The tax credit is doing the work

PBT and NPAT diverge by 280.1 percentage points of growth, and the company is still loss-making before tax. The $5.4m NPAT figure overstates operating progress; without the tax benefit, the business essentially broke even. Investors anchoring on the NPAT-derived ROE of 26.8% should note that figure is flattered by the same one-off.

Revenue recovery, not revenue growth. The 74.1% increase is classified as above the historical range (3-period mean –6.5%), but the prior period was depressed by Q2 2020 customer demand collapse. Against FY19, growth is only 4%, and gross margin compressed despite the volume surge — pricing power remained limited as freight and input costs could not always be passed on. Management has flagged this pressure continuing into FY22.

Segment mix shifted toward higher-margin IoT. IoT revenue grew to $25.2m (39.3% of revenue, up 5.5pp), carrying a disclosed 42.7% gross margin versus Motors at 18.2%. This is the most structurally positive read in the result: the faster-growing segment is the higher-margin one. The challenge is that group gross margin still fell, implying margin pressure within segments offset the favourable mix.

Expectations

No FY22 quantitative targets were supplied

The half-year shape provides the relevant tension: HY21 contributed 47.6% of full-year revenue but 69.7% of EBITDA, implying an H2 with $33.7m of revenue producing only $0.8m of EBITDA — a sharp second-half margin compression consistent with the management commentary on cost pass-through limits. The release explicitly says this pressure is expected to continue into FY22, which means the FY21 EBITDA trajectory exiting the year is materially weaker than the headline annual figure suggests.

Quality of result

Operating cash flow of $3.9m and pre-lease free cash flow of $3.8m are both above the supplied historical range (FCF pre-lease 3-period mean –$0.7m, range –$4.8m to $2.6m), and the move into a net cash position of $4.0m strengthens balance-sheet flexibility

On the historical baseline, cash conversion of 150.3% sits above the normal range — but this comparison reflects a low and volatile prior baseline (mean –57.1%), not a durable new run-rate.

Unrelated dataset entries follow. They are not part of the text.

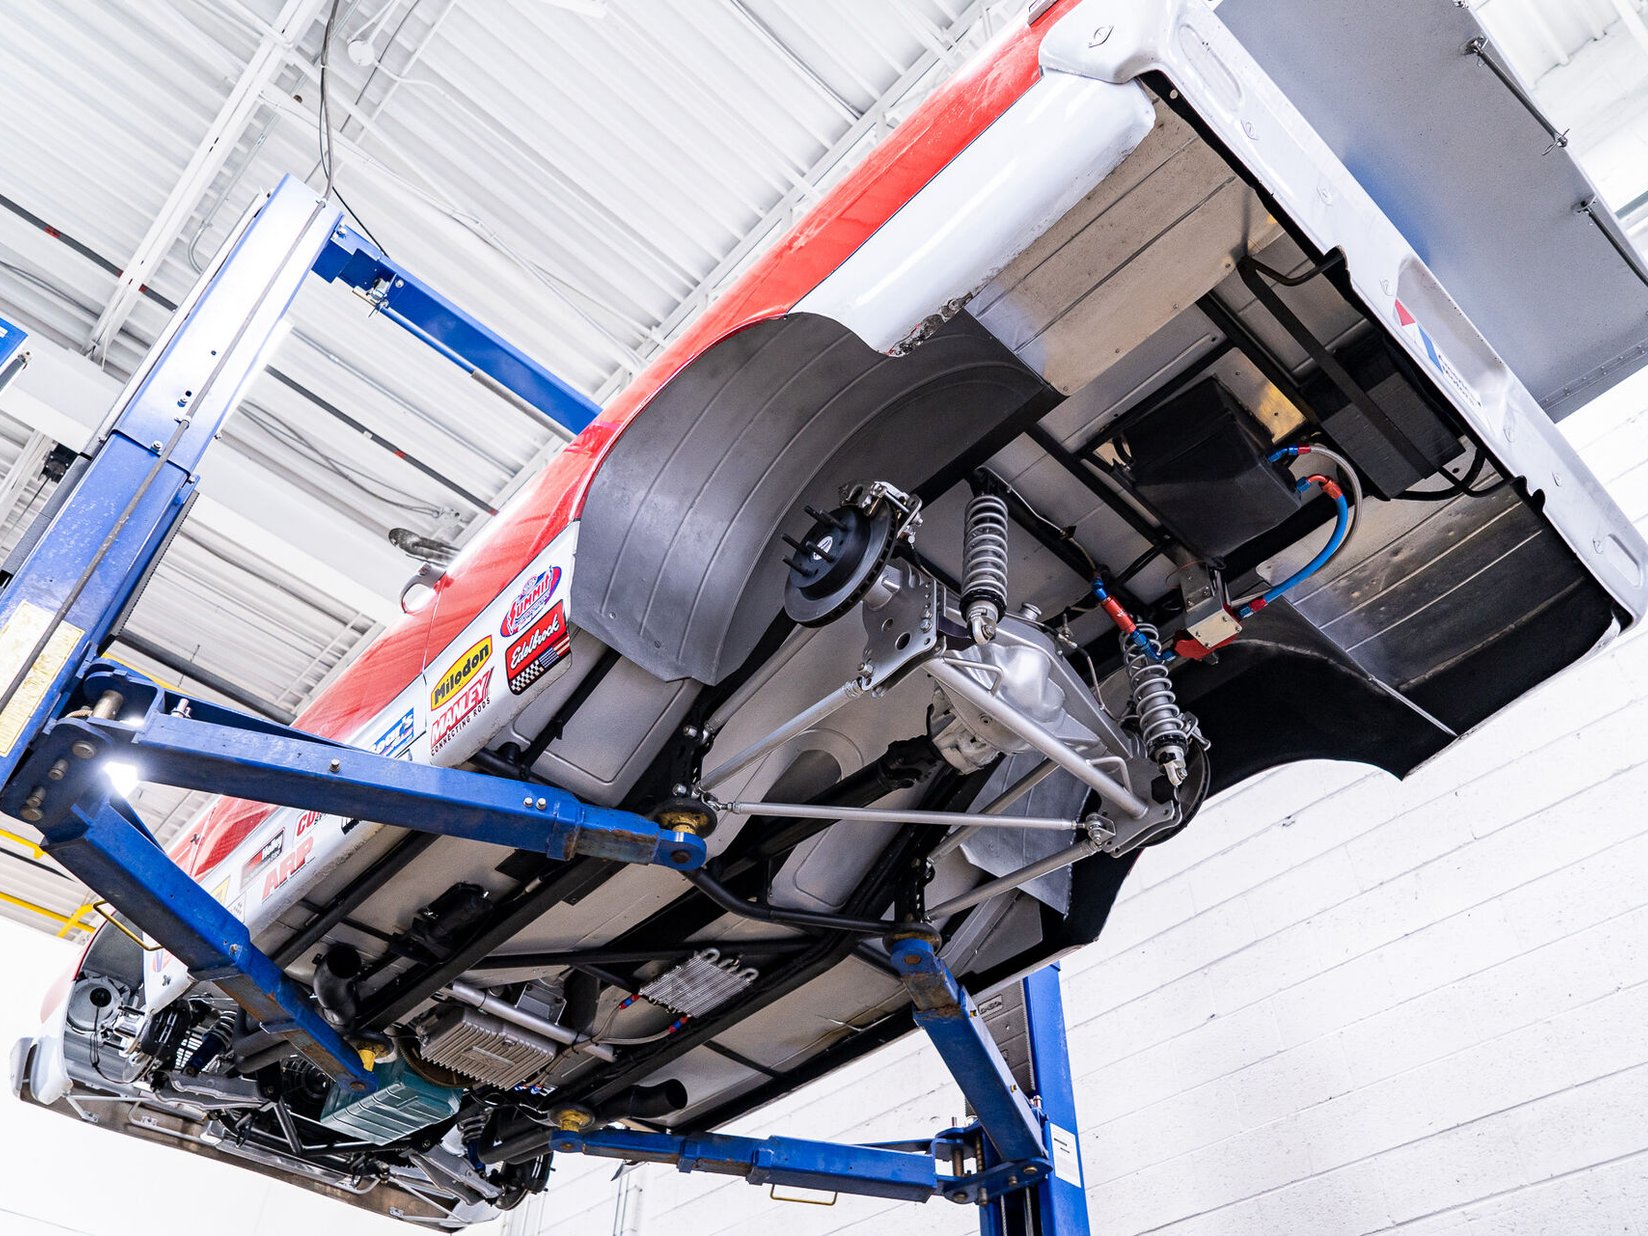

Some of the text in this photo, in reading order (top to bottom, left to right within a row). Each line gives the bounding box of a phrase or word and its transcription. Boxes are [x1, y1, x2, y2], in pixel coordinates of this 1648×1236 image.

[509, 573, 550, 627] SUMMIT
[510, 613, 559, 669] Edelbrock
[434, 645, 488, 705] Milodon
[431, 668, 491, 748] MANLEY
[431, 715, 470, 756] CONNECTING
[473, 696, 491, 717] RODS
[263, 838, 313, 898] ARP
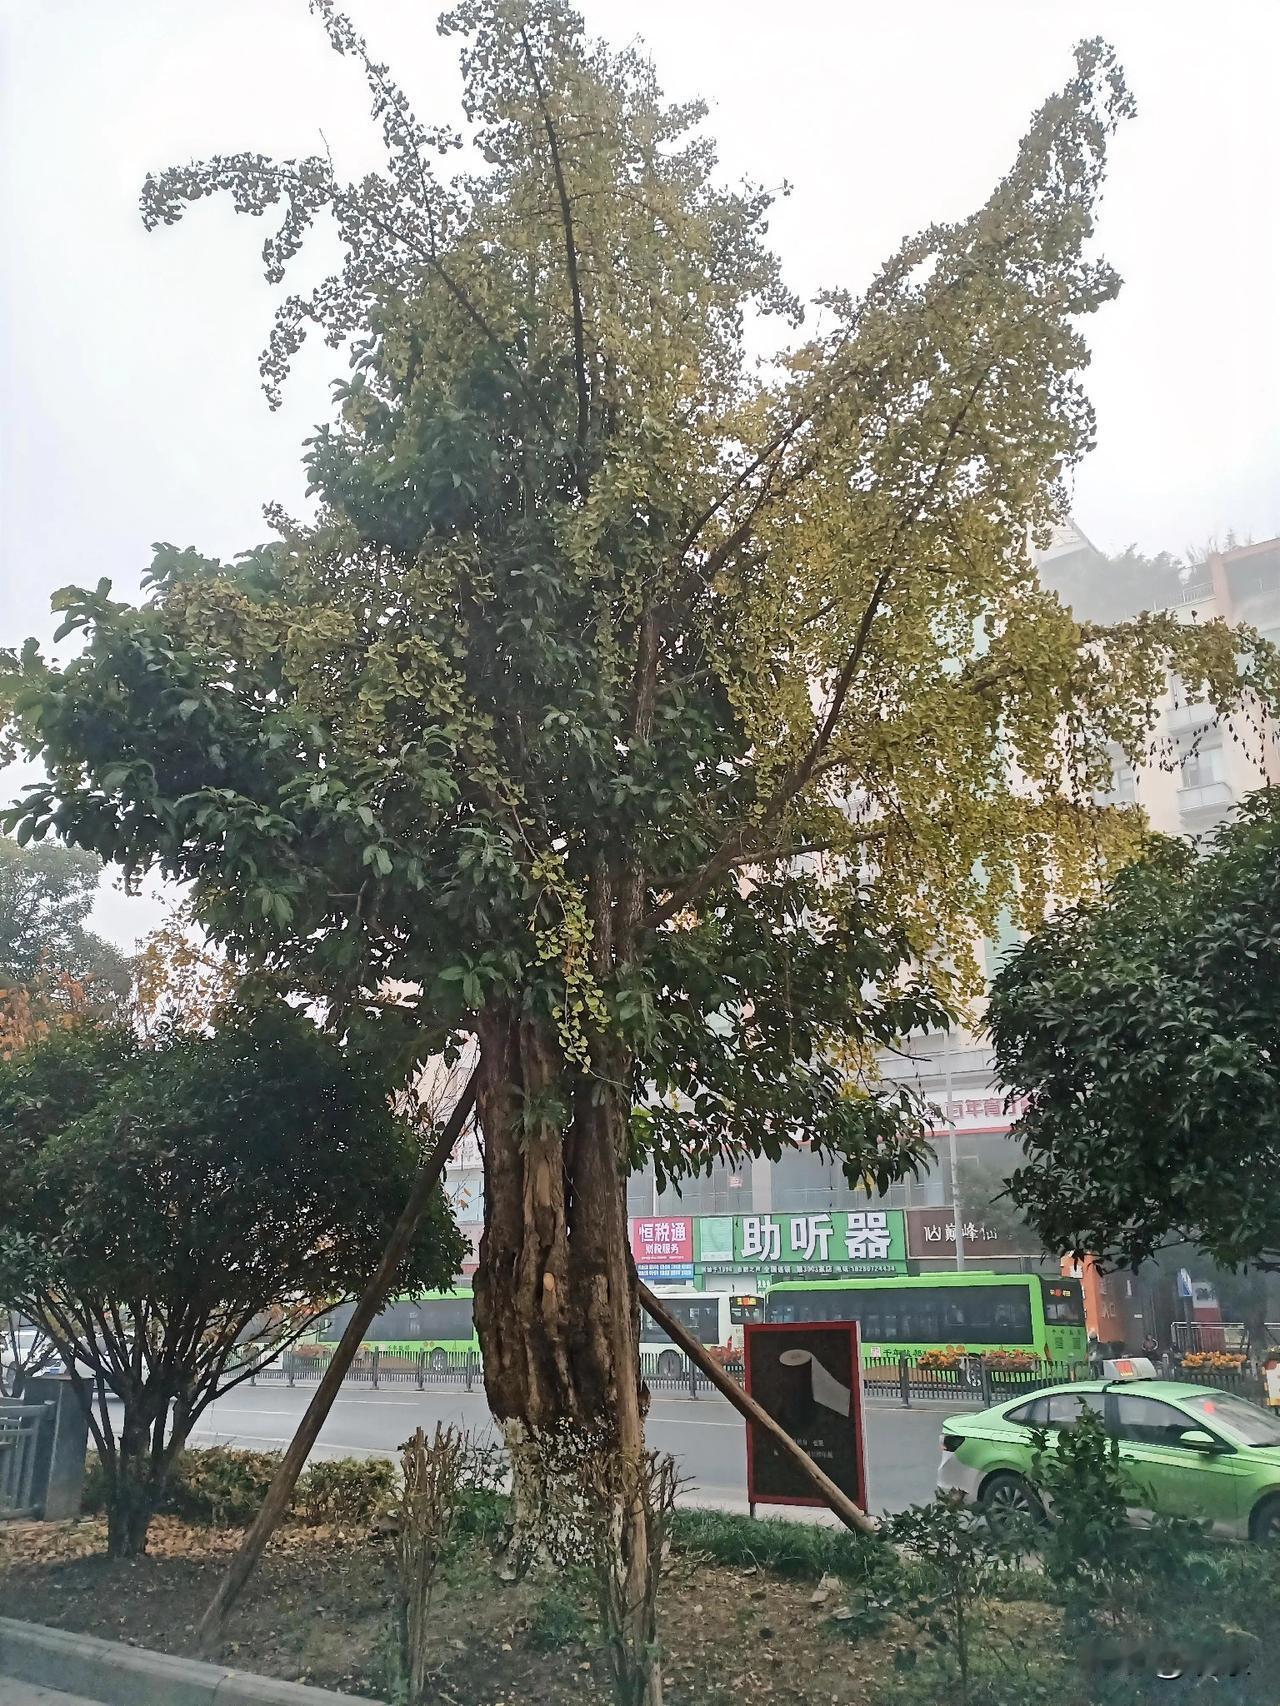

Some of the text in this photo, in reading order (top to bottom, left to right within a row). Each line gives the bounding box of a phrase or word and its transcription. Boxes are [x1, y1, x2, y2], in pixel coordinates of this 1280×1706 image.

[639, 1222, 686, 1242] 恒税通
[741, 1212, 891, 1261] 助听器
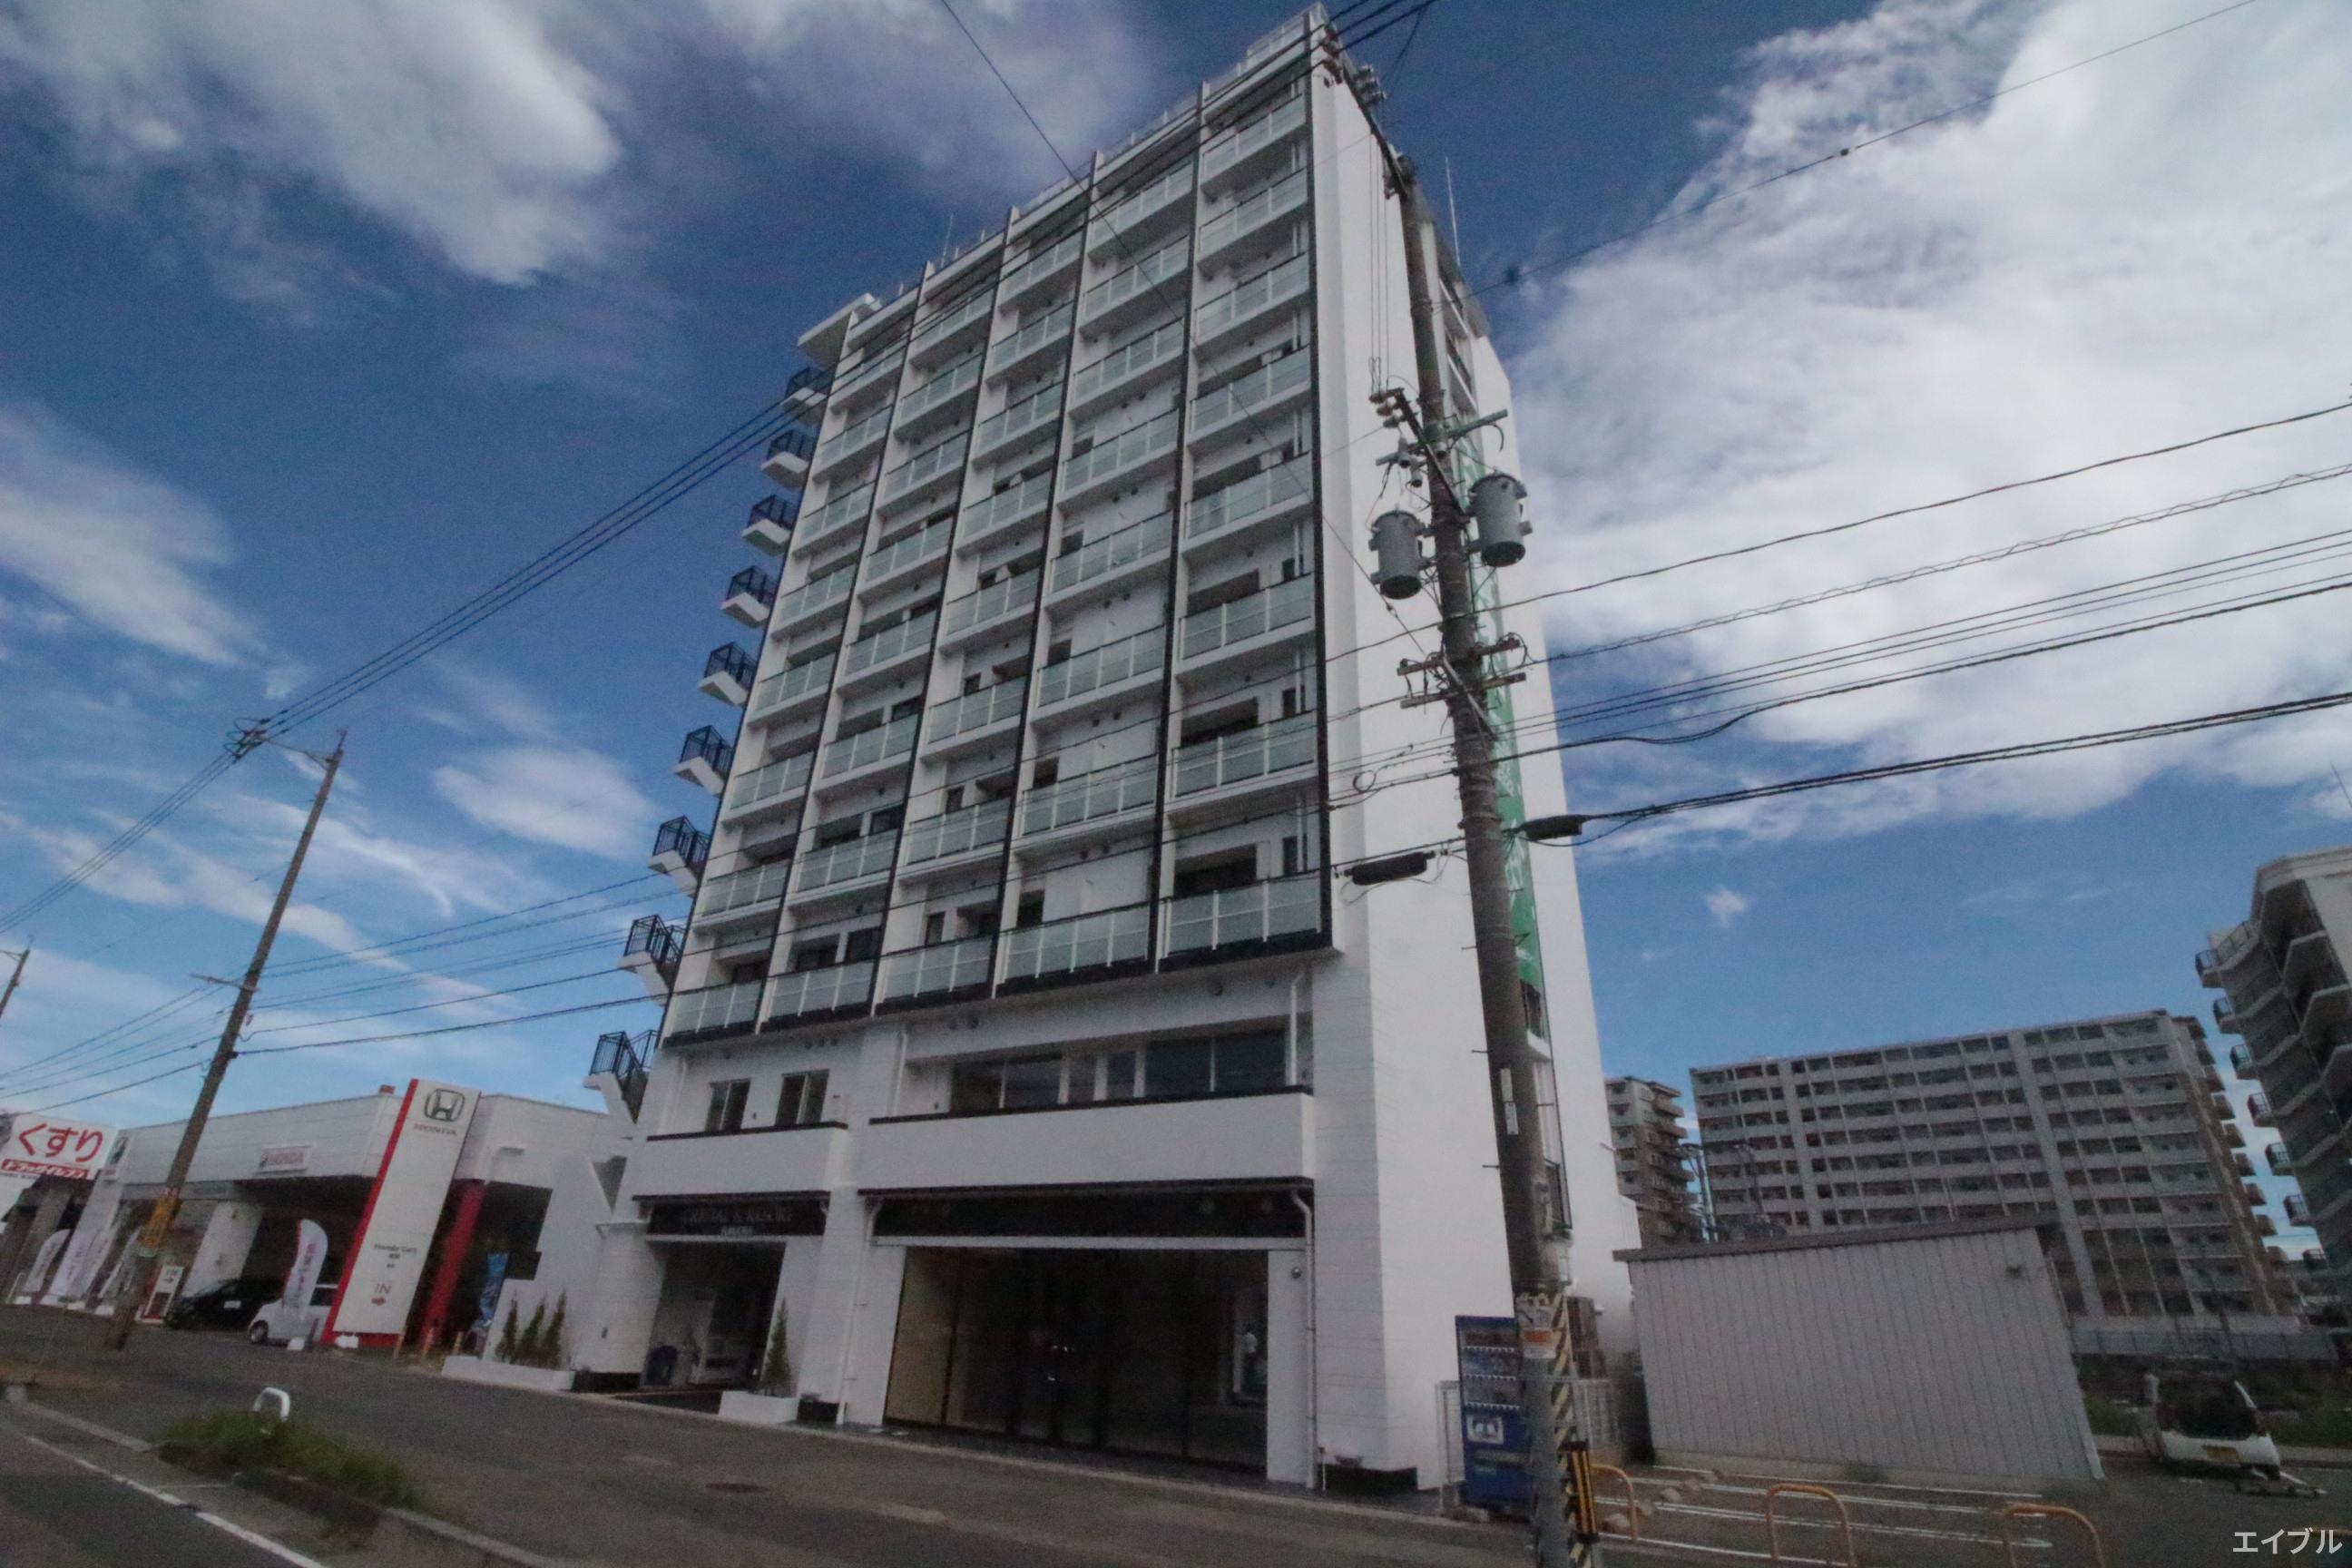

Two items qualify the cash quality. Trade debtors rose 114.4% to $16.5m, extending debtor days to 93.8 from 76.2, which would normally pressure cash. The offset appears to be contract liabilities of $6.8m (no prior-year comparable), suggesting customer pre-payments rather than improved collection drove the cash result. The PBT loss combined with an NPAT-flattering tax credit means the durable earnings base is still thin, and the H2 EBITDA shape suggests momentum was softening into year-end.

Unresolved

Open questions

What specifically drives the large tax credit, and is it a one-off deferred tax asset recognition or a recurring feature?
Why did debtor days extend 17.6 days despite the strong reported cash conversion, and how much of the $6.8m contract liability balance is genuinely durable funding versus timing?
How does management see FY22 gross margin trending given the explicit warning that freight and input costs will continue to pressure pass-through?
Will the IoT segment's 42.7% gross margin hold as it scales, or compress toward the Motors level?
What is the H2 EBITDA run-rate telling management about the exit trajectory, and does it imply FY22 EBITDA below the FY21 print?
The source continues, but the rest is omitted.